Не следует, однако, считать, что превращение “дерзновений” предыдущих поколений в “специальность”, даже “инструмент” “людей 20-х годов” происходило прямым и естественным образом. Например, восприятие поэзии Хлебникова формалистами, особенно — младоформалистами, происходило не прямиком, а через вторые руки; сама Гинзбург выделяет10 промежуточную стадию: “Хлебников, у которого одни концы спрятаны, а другие не сведены, оказался темным, темным от глубины источником тех явлений, которые мы (не зная Хлебникова) получили прямо из рук больших практиков, поэтов для читателя: Маяковского, Пастернака, Тихонова... Мы получили хлебниковское, расквартированное по чужим системам, лишенное мутящей разум хлебниковской наивности, его темной простоты, — хлебниковское уяснилось. Мы поняли, как это сделано...” (Гинзбург, 42). Такова история того, как лепетное “хлебниковское” — через промежуточные поэтические системы и, затем, через формальный анализ того, как оно сделано, — превращается в “специальность”, занимает свое место в “методе” “человека 20-х”. В этом отрывке следует отделить “читательское” от “историко-поколенческого”. Действительно, и Маяковский, и Пастернак, и, видимо, Тихонов многим обязаны Хлебникову, и каждый из них превратил хлебниковские темные открытия в элементы своей поэтической системы. Действительно, можно было бы сказать, сильно преувеличивая, что и Маяковский, и ранний Пастернак, и ранний Тихонов — “Хлебниковы для бедных”, то есть для “читателей”. Но нам важно именно то, что “людям 20-х”, например Лидии Гинзбург, революционный эстетический опыт Хлебникова был передан опосредованно, через людей предыдущего поколения, “старших братьев”, “людей 10-х годов”, к которым, безусловно, относятся Пастернак и Маяковский11. Этот процесс передачи (и интерпретации) опыта “людям 20-х годов” — частный случай того, как создавался их мыслительный аппарат.

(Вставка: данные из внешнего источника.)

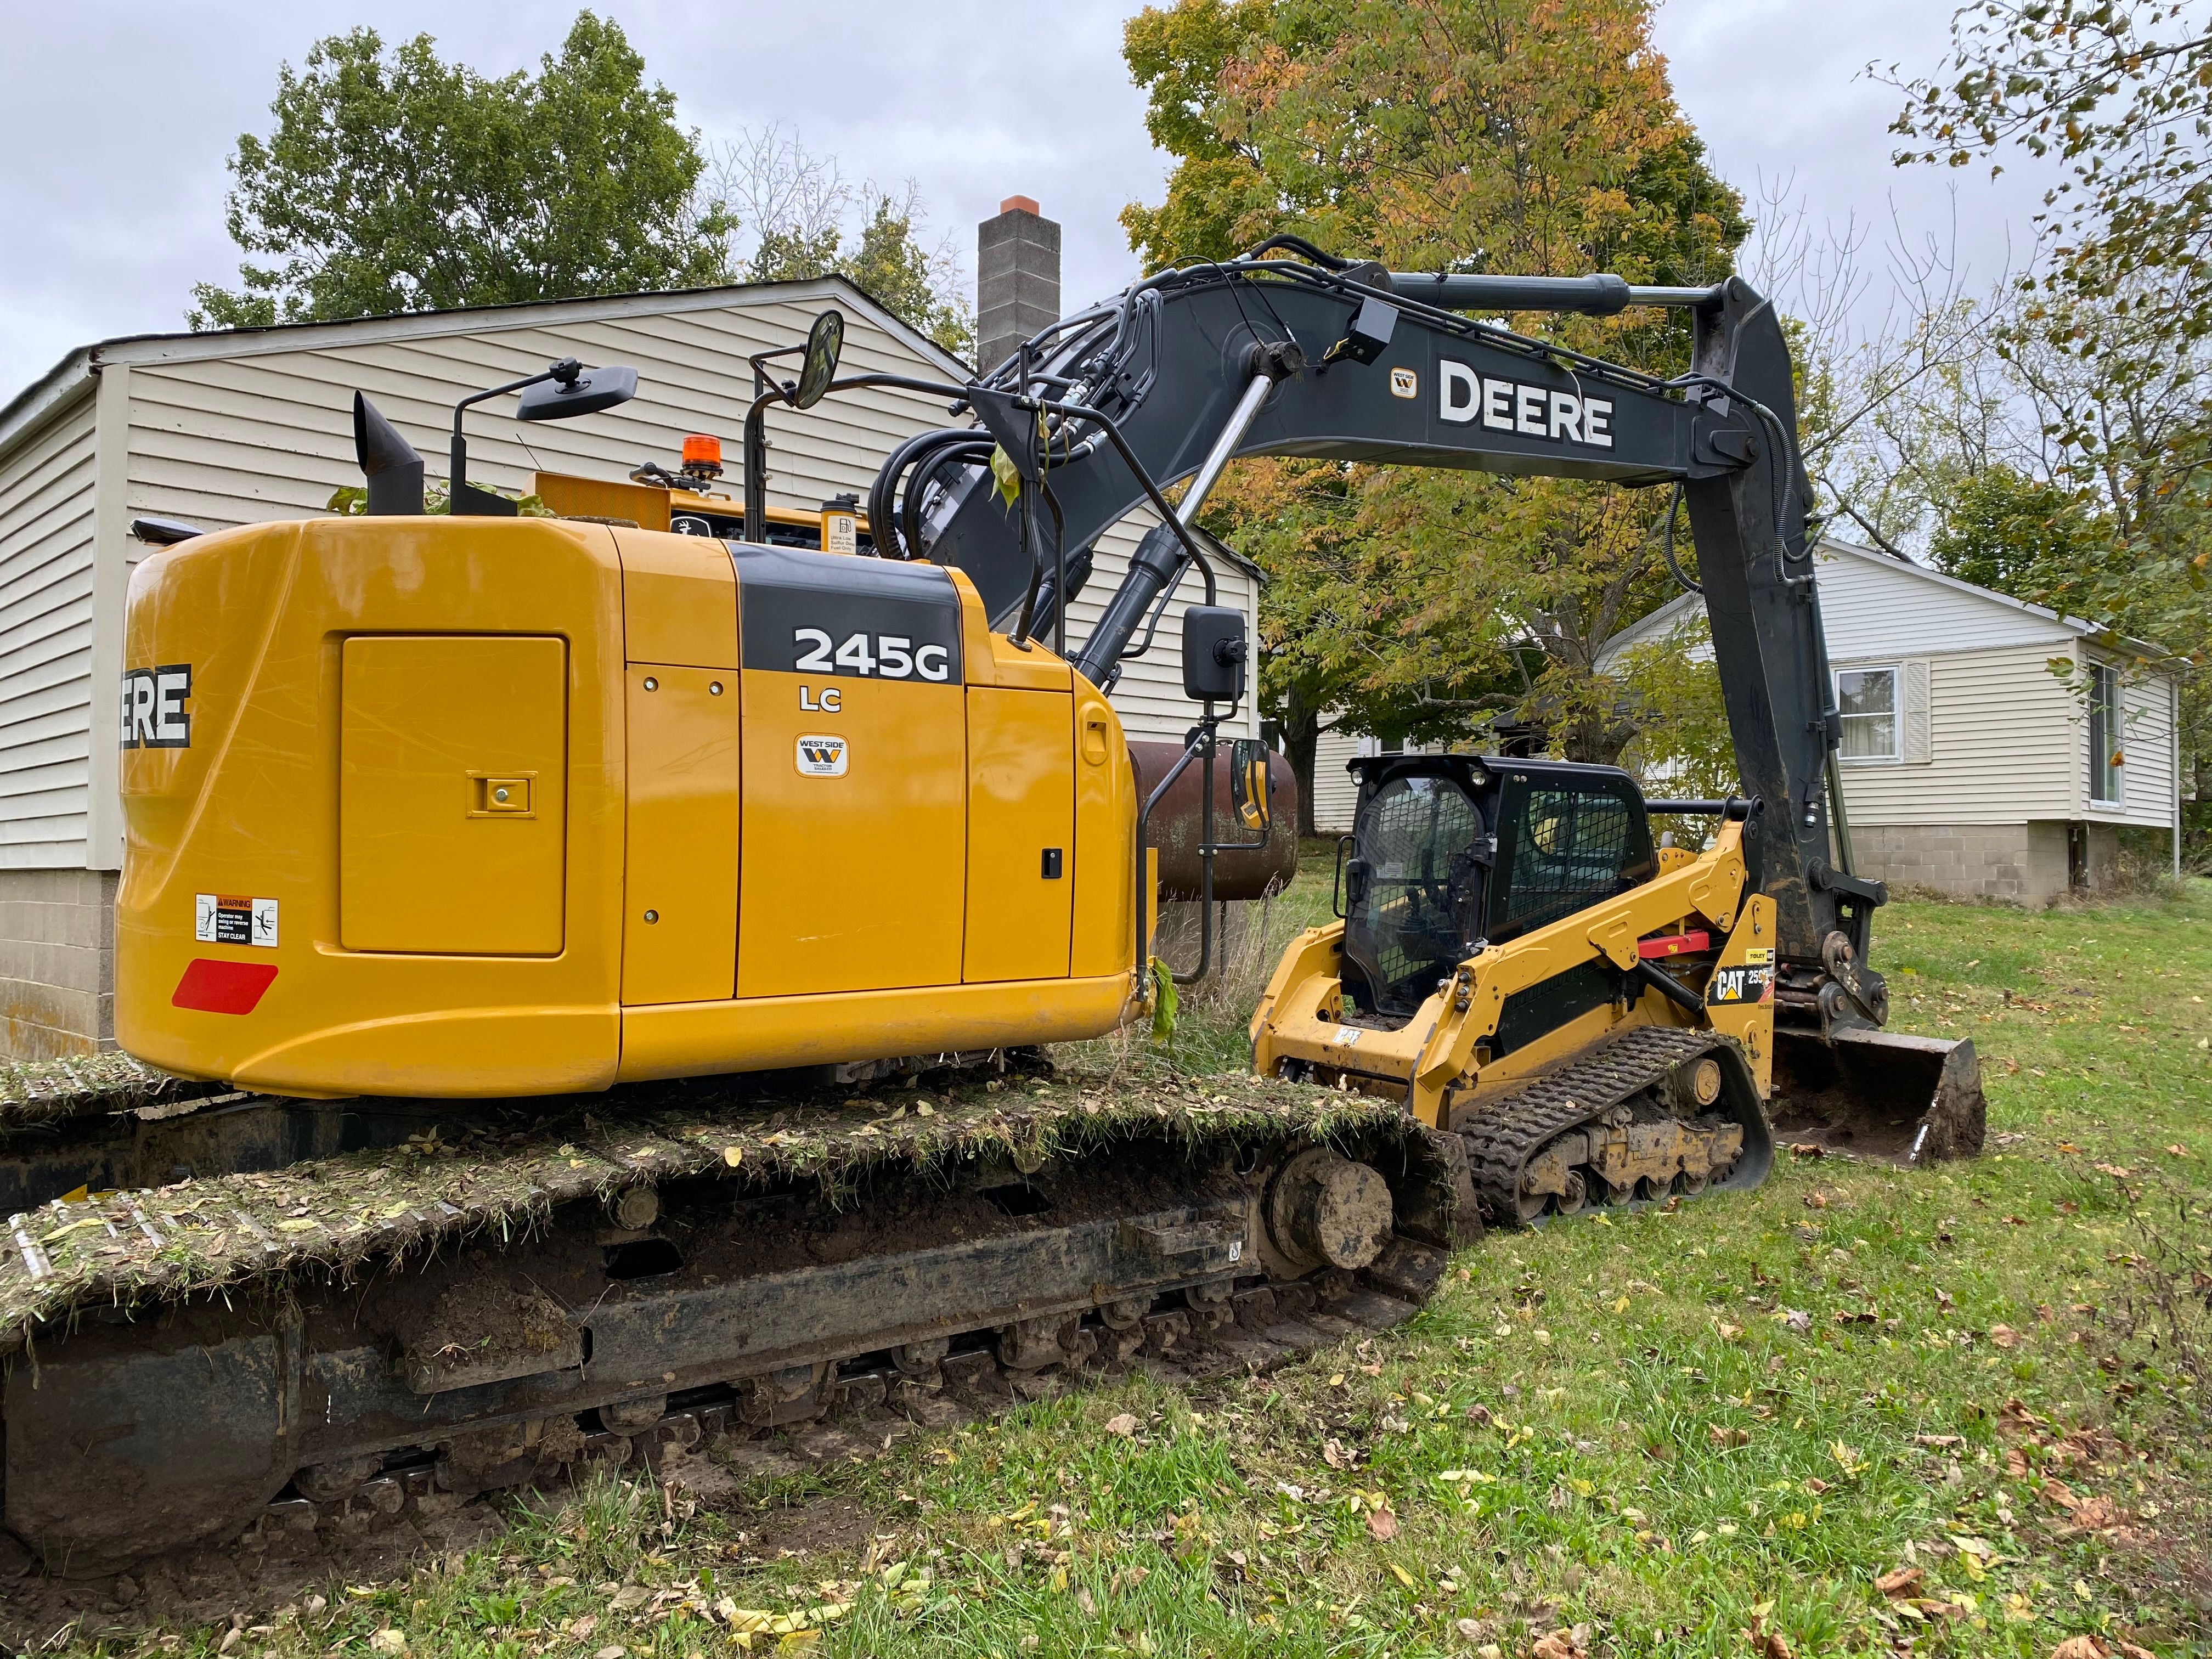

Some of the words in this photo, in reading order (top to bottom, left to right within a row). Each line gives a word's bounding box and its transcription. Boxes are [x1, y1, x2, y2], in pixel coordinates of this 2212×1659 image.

Передача действительно происходила через несколько рук, через несколько поколений. В записях 20—30-х годов Гинзбург пытается нащупать и хотя бы частично реконструировать эту систему наследования, причем — вовсе не в духе тыняновской идеи наследования по боковой линии. Например, важнейшее место в ее ранних записях играет Блок. Он появляется — вполне в духе расхожих представлений того времени — как “живой мертвец”, последний певец старого мира, “завершивший”, запечатавший его своей собственной гибелью: “Это было в небольшой аудитории, в 21-м году, за несколько месяцев до его смерти. Блок читал “Возмездие” глухим и ровным голосом, как бы не видя и не чувствуя слушающих” (Гинзбург, 15). Чуть позже Гинзбург вспоминает (в связи с Яковом Полонским) стихотворение Блока “Сердце — крашеный мертвец” и после дальнейших рассуждений на тему “поэтических итогов” называет Блока “великим проявителем литературного негатива последних десятилетий 19 века” (Гинзбург, 22). Блок “проявляет” и “закрывает” старый мир, поет последние его песни. Он, приветствовав “Двенадцатью” убившую его революцию, в последний раз появляется на публике, уже перед новыми людьми, будущими “людьми 20-х годов”, с другой поэмой — “Возмездие”. Молодая Гинзбург явно прочитывает в этом жесте символику возмездия — не только “старому миру”, но и модернизму, “людям начала века”, “духовным отцам” ее поколения. Страшная ирония заключается в том, что она с середины 30-х годов будет обречена писать свое “Возмездие” — обращенное к себе, к соратникам по 20-м годам. А еще через двадцать с лишним лет Гинзбург сама оказывается почти в той же ситуации, что и Блок. В эссе “В начале шестидесятых” она обращается к теме возмездия, исторического возмездия “людям 20-х”. Гинзбург пишет о непонимании тогдашними молодыми людьми (теми, кого потом назовут “шестидесятника-ми”) трагедии “людей 20-х”, об отсутствии у них интереса к предыдущему советскому социальному, экзистенциальному и эстетическому опыту. В этом она видит расплату: “Горькая расплата. И, как всегда, за общий грех против духа расплачиваются лучшие, потому что остальным-то наплевать...” (Гинзбург, 223). Однако, расплачиваясь, Гинзбург, как по-своему и Блок12, все равно уверена в своей правоте — в той исторически обусловленной правоте сорокалетней давности.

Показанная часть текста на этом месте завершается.